Start to finish, retype the entries exactly while omitting the pictures.
────────
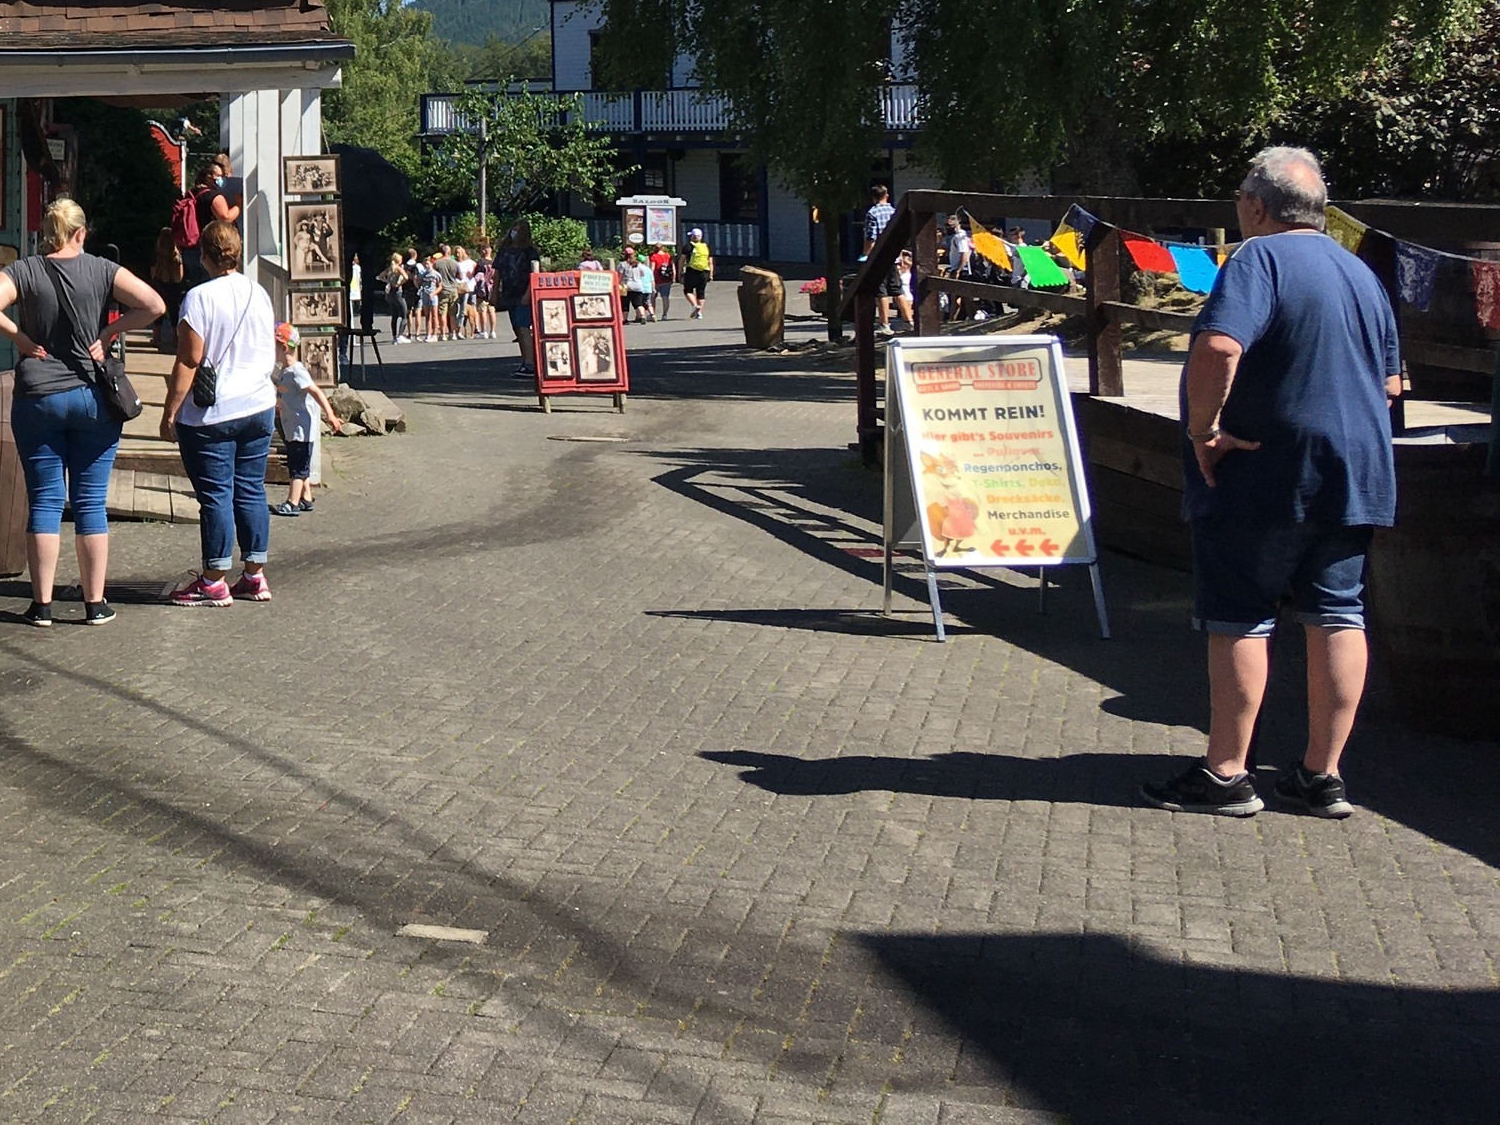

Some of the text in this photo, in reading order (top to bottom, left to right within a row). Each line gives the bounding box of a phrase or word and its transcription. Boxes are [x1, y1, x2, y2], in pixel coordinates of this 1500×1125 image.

[916, 362, 1037, 380] GENERAL STORE
[922, 405, 1046, 421] KOMMT REIN!
[922, 428, 1054, 443] Hier gibt's Souvenirs
[963, 462, 1063, 474] Regenponchos,
[987, 509, 1070, 520] Merchandise
[1008, 527, 1046, 536] u.v.m.
────────
Result:
Some of the text in this photo, in reading order (top to bottom, left to right within a row). Each line gives the bounding box of a phrase or word and its transcription. Boxes are [x1, y1, x2, y2], in pixel coordinates of this 1500×1125 image.

[916, 362, 1037, 380] GENERAL STORE
[922, 405, 1046, 421] KOMMT REIN!
[922, 428, 1054, 443] Hier gibt's Souvenirs
[963, 462, 1063, 474] Regenponchos,
[987, 509, 1070, 520] Merchandise
[1008, 527, 1046, 536] u.v.m.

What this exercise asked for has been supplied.